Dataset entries
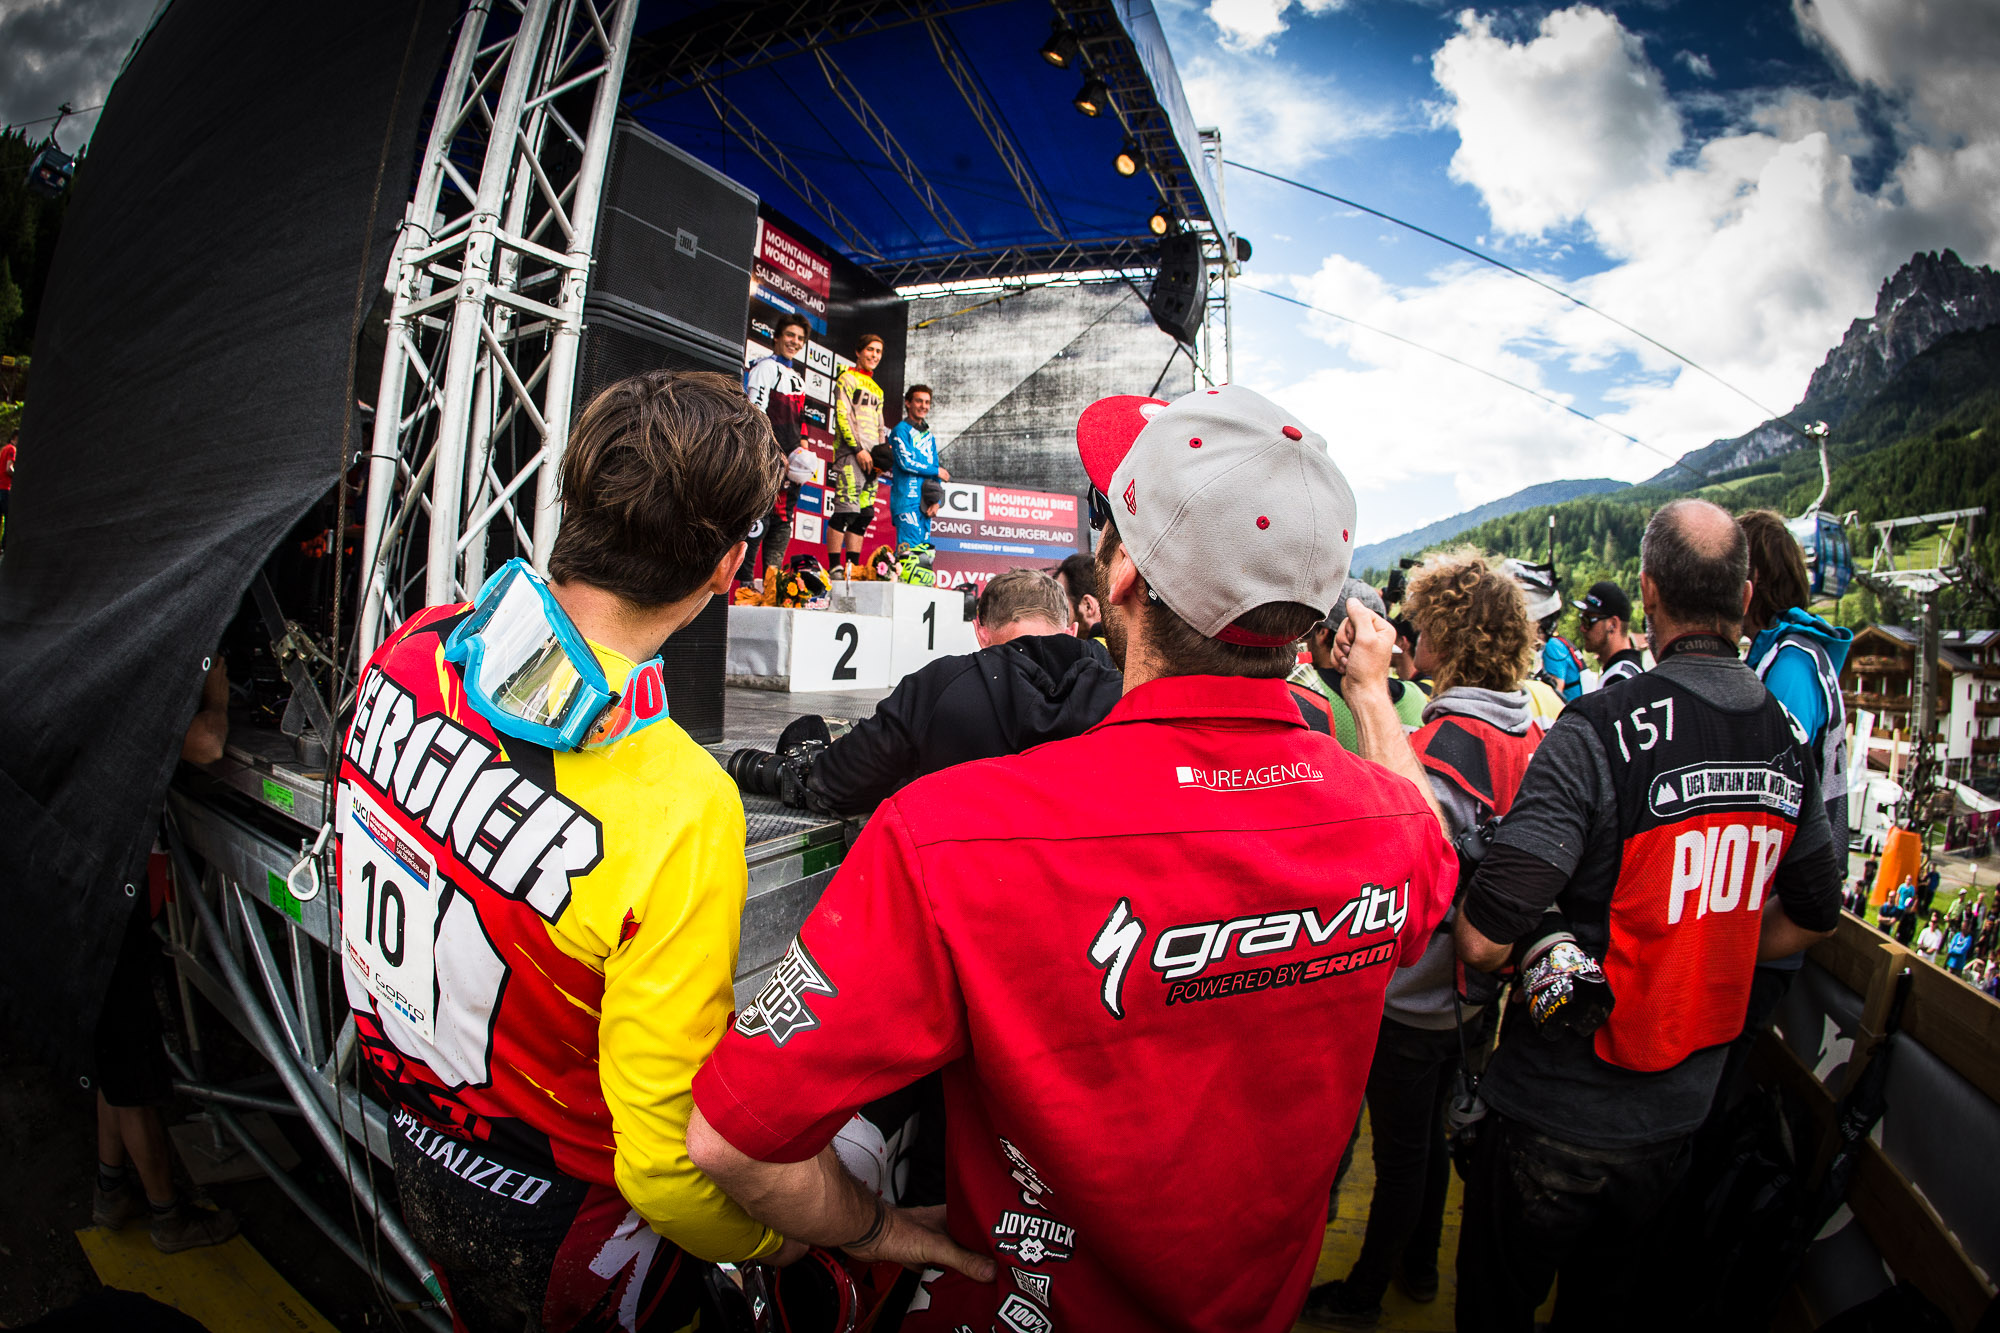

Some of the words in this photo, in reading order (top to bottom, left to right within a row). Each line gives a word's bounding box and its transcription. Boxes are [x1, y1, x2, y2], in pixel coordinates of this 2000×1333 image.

[764, 243, 796, 272] WORLD
[796, 264, 814, 281] CUP
[766, 229, 811, 266] MOUNTAIN
[811, 258, 829, 279] BIKE
[755, 264, 826, 313] SALZBURGERLAND
[813, 351, 831, 368] UCI
[988, 493, 1049, 510] MOUNTAIN
[1050, 496, 1074, 511] BIKE
[988, 505, 1030, 519] WORLD
[1031, 509, 1053, 521] CUP
[930, 520, 972, 534] OGANG
[980, 525, 1074, 543] SALZBURGERLAND
[921, 600, 937, 651] 1
[831, 622, 858, 681] 2
[1613, 697, 1674, 763] 157
[1746, 771, 1767, 792] BIK
[355, 799, 369, 823] UCI
[396, 840, 416, 860] LEOGANG
[396, 847, 429, 880] SALZBURGERLAND
[360, 860, 406, 969] 10
[1153, 877, 1410, 983] gravity
[1170, 969, 1272, 1001] POWERED
[1278, 965, 1302, 985] BY
[1304, 942, 1394, 979] SRAM
[375, 972, 425, 1021] GoPro
[393, 1110, 552, 1205] SPECIALIZED
[995, 1211, 1076, 1248] JOYSTICK
[1007, 1304, 1046, 1333] 100%

THE TASK: Although the records contain pictures, your copy should hold only the text, reproduced exactly.

ANSWER TO THIS EXERCISE:
Some of the words in this photo, in reading order (top to bottom, left to right within a row). Each line gives a word's bounding box and its transcription. Boxes are [x1, y1, x2, y2], in pixel coordinates of this 2000×1333 image.

[764, 243, 796, 272] WORLD
[796, 264, 814, 281] CUP
[766, 229, 811, 266] MOUNTAIN
[811, 258, 829, 279] BIKE
[755, 264, 826, 313] SALZBURGERLAND
[813, 351, 831, 368] UCI
[988, 493, 1049, 510] MOUNTAIN
[1050, 496, 1074, 511] BIKE
[988, 505, 1030, 519] WORLD
[1031, 509, 1053, 521] CUP
[930, 520, 972, 534] OGANG
[980, 525, 1074, 543] SALZBURGERLAND
[921, 600, 937, 651] 1
[831, 622, 858, 681] 2
[1613, 697, 1674, 763] 157
[1746, 771, 1767, 792] BIK
[355, 799, 369, 823] UCI
[396, 840, 416, 860] LEOGANG
[396, 847, 429, 880] SALZBURGERLAND
[360, 860, 406, 969] 10
[1153, 877, 1410, 983] gravity
[1170, 969, 1272, 1001] POWERED
[1278, 965, 1302, 985] BY
[1304, 942, 1394, 979] SRAM
[375, 972, 425, 1021] GoPro
[393, 1110, 552, 1205] SPECIALIZED
[995, 1211, 1076, 1248] JOYSTICK
[1007, 1304, 1046, 1333] 100%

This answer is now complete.